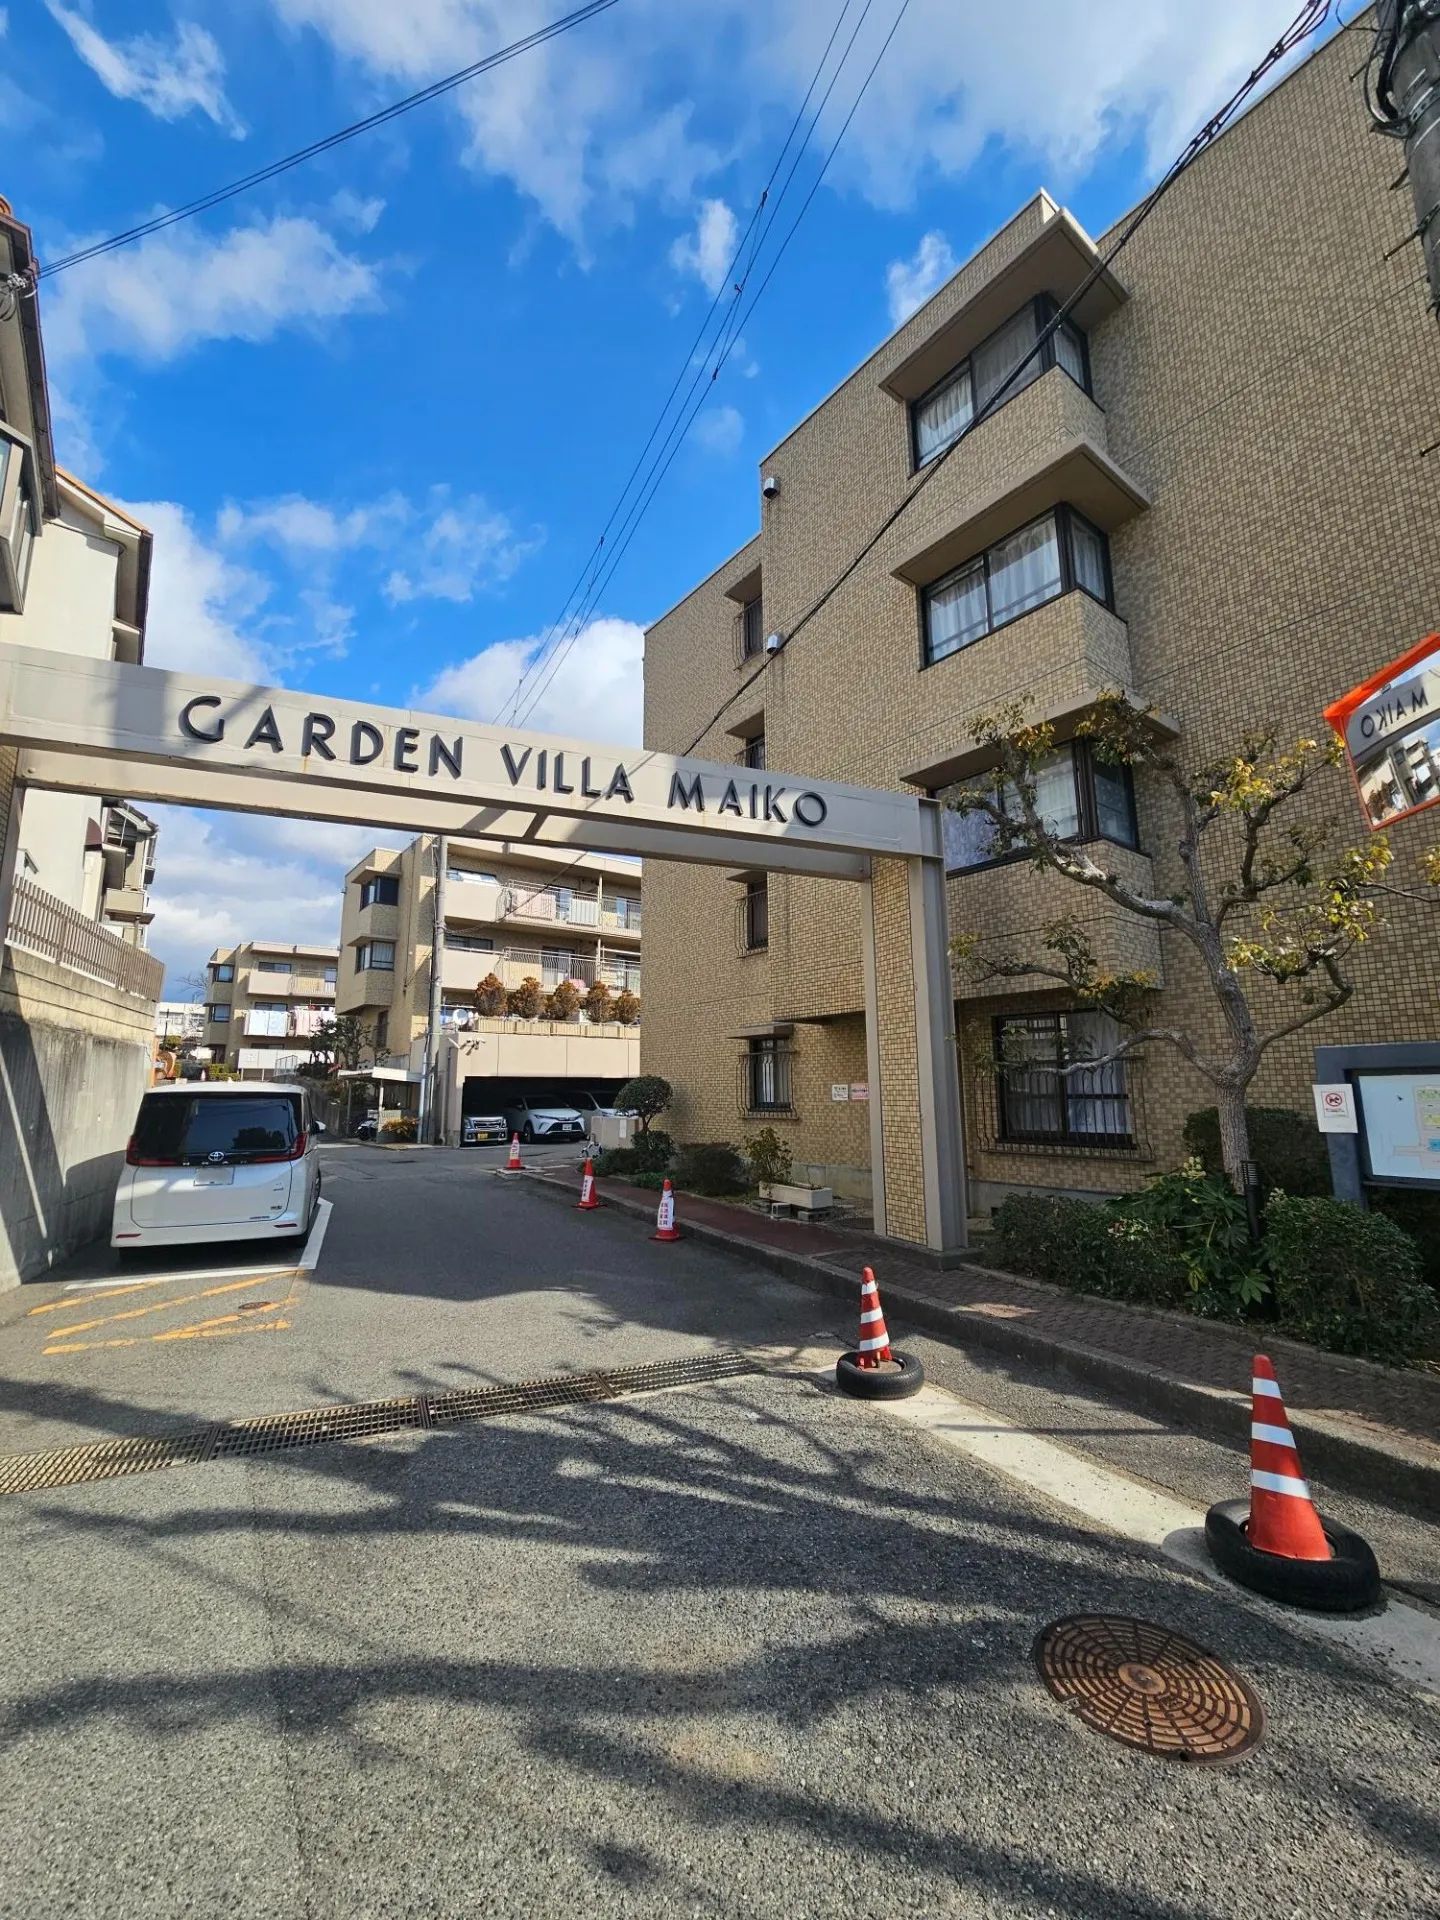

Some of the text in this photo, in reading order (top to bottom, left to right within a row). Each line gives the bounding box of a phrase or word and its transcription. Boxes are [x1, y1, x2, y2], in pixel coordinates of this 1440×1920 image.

[178, 695, 828, 827] GARDEN VILLA MAIKO
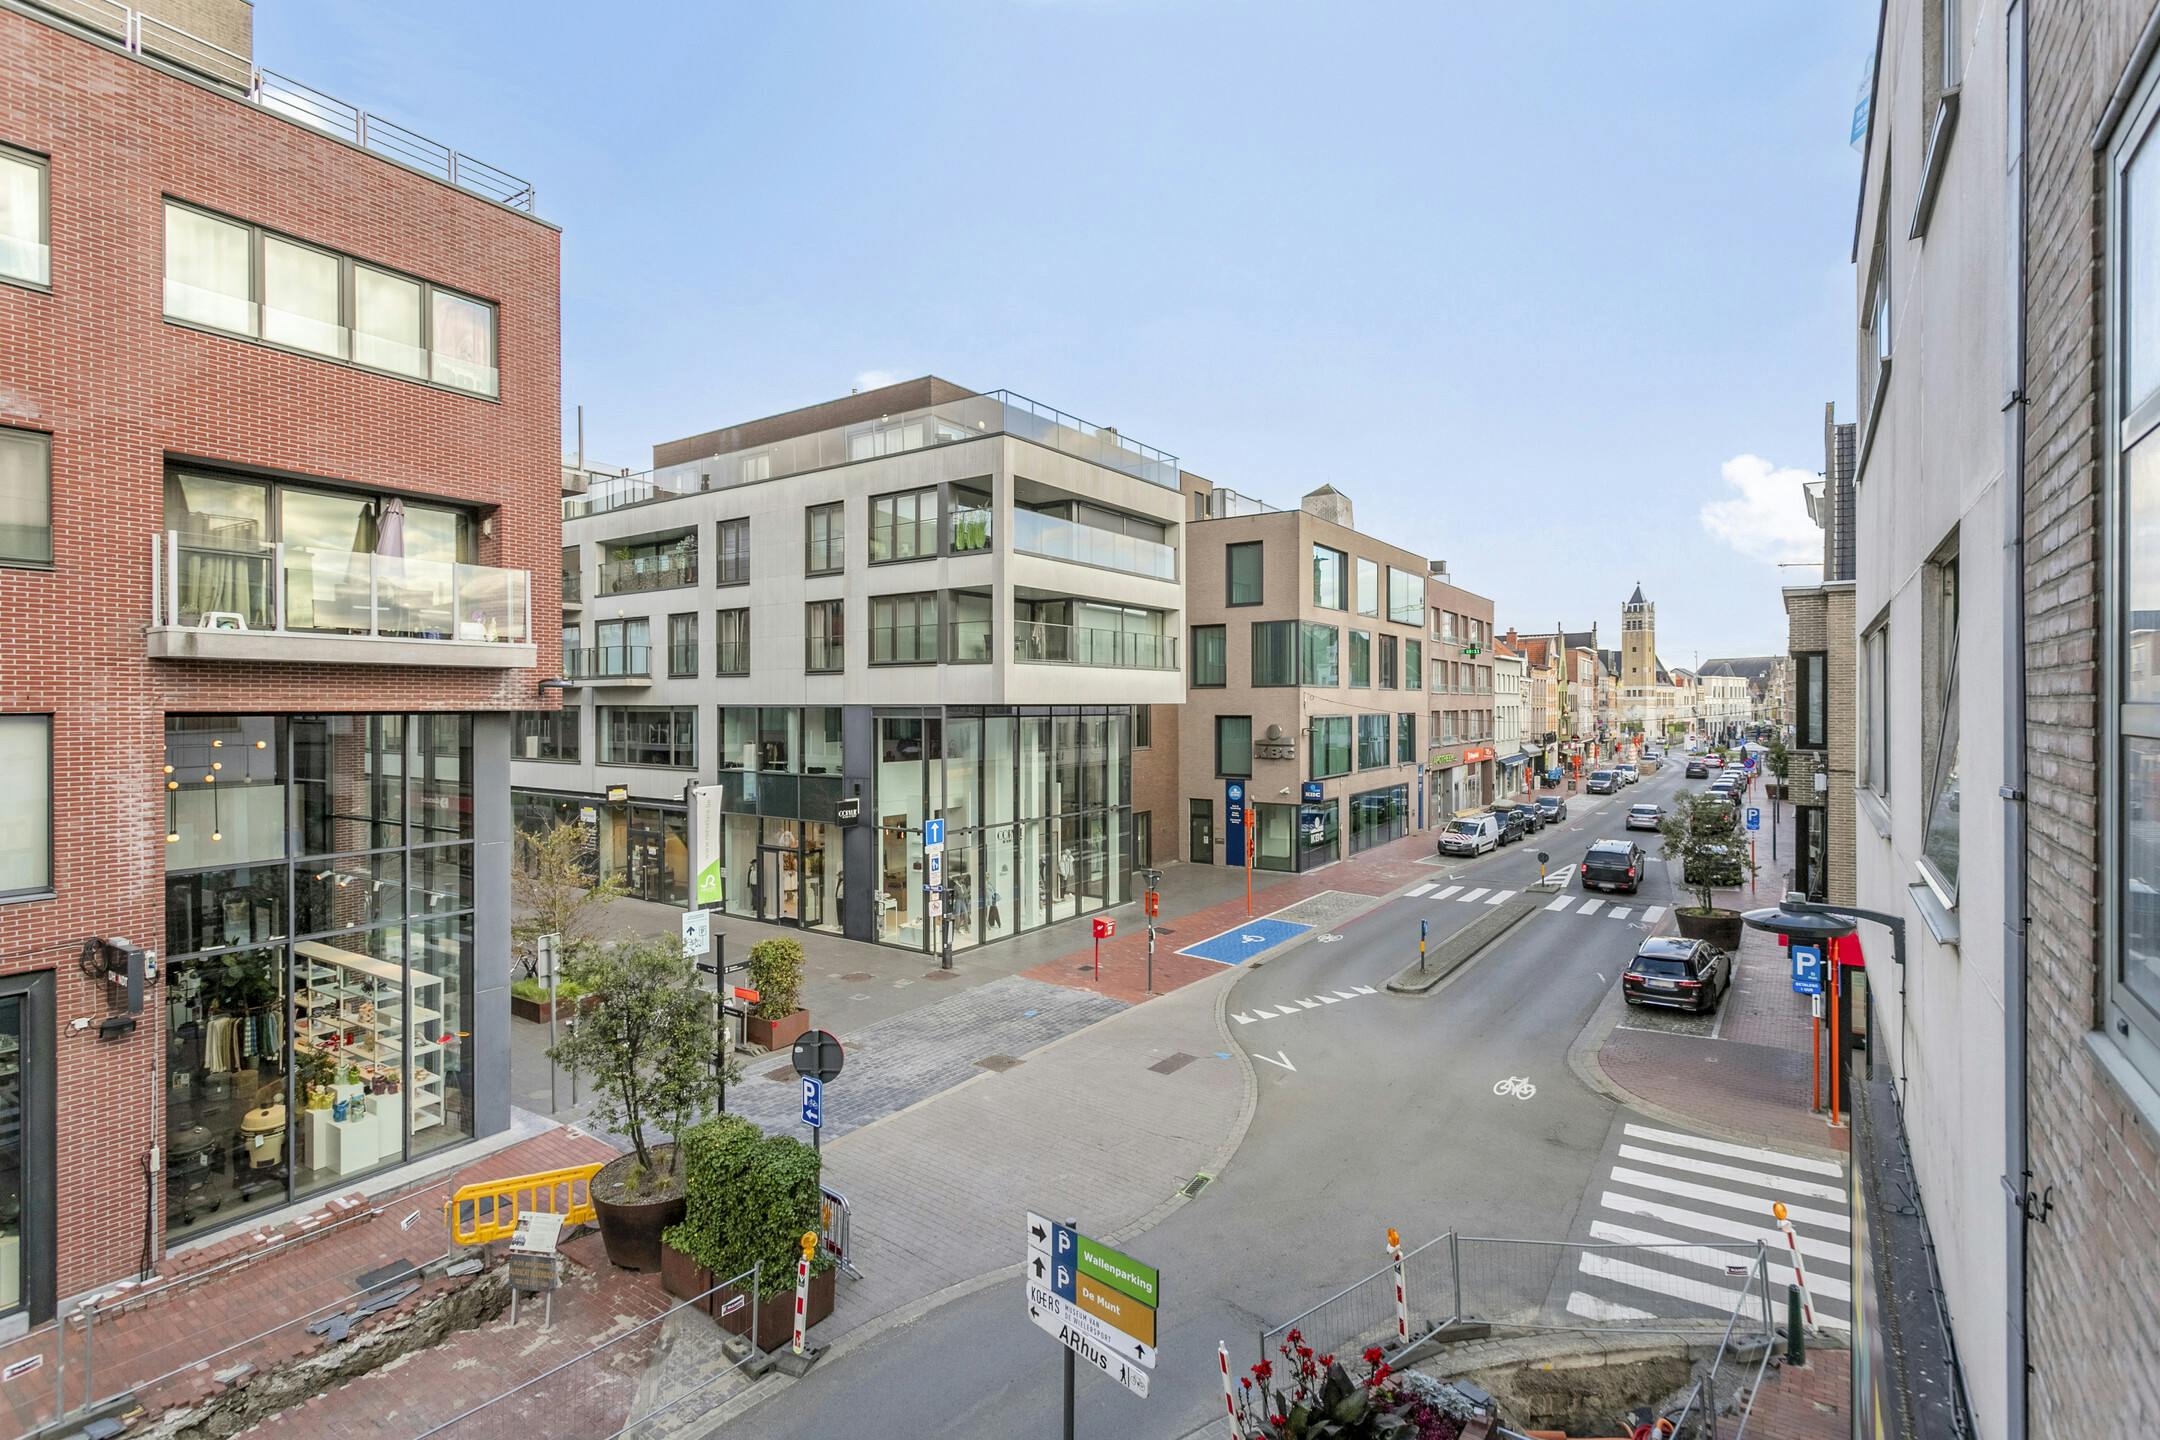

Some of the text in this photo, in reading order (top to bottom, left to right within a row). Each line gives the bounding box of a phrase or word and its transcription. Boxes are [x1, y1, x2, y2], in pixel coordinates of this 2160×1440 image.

[1748, 809, 1758, 821] P
[1310, 831, 1324, 844] KBC
[1796, 952, 1816, 975] P
[803, 1080, 815, 1106] P
[1058, 1234, 1153, 1293] P Wallenparking
[1031, 1286, 1060, 1315] KOERS
[1057, 1269, 1121, 1316] P De Munt
[1064, 1304, 1100, 1328] MUSEUM VAN
[1064, 1312, 1112, 1342] DE WIELERSPORT
[1059, 1325, 1108, 1370] ARhus

## To do
Set down every entry above exactly as written. Leave out all pictures.

## Your solution
Some of the text in this photo, in reading order (top to bottom, left to right within a row). Each line gives the bounding box of a phrase or word and its transcription. Boxes are [x1, y1, x2, y2], in pixel coordinates of this 1440×1920 image.

[178, 695, 828, 827] GARDEN VILLA MAIKO

Some of the text in this photo, in reading order (top to bottom, left to right within a row). Each line gives the bounding box of a phrase or word and its transcription. Boxes are [x1, y1, x2, y2], in pixel coordinates of this 2160×1440 image.

[1748, 809, 1758, 821] P
[1310, 831, 1324, 844] KBC
[1796, 952, 1816, 975] P
[803, 1080, 815, 1106] P
[1058, 1234, 1153, 1293] P Wallenparking
[1031, 1286, 1060, 1315] KOERS
[1057, 1269, 1121, 1316] P De Munt
[1064, 1304, 1100, 1328] MUSEUM VAN
[1064, 1312, 1112, 1342] DE WIELERSPORT
[1059, 1325, 1108, 1370] ARhus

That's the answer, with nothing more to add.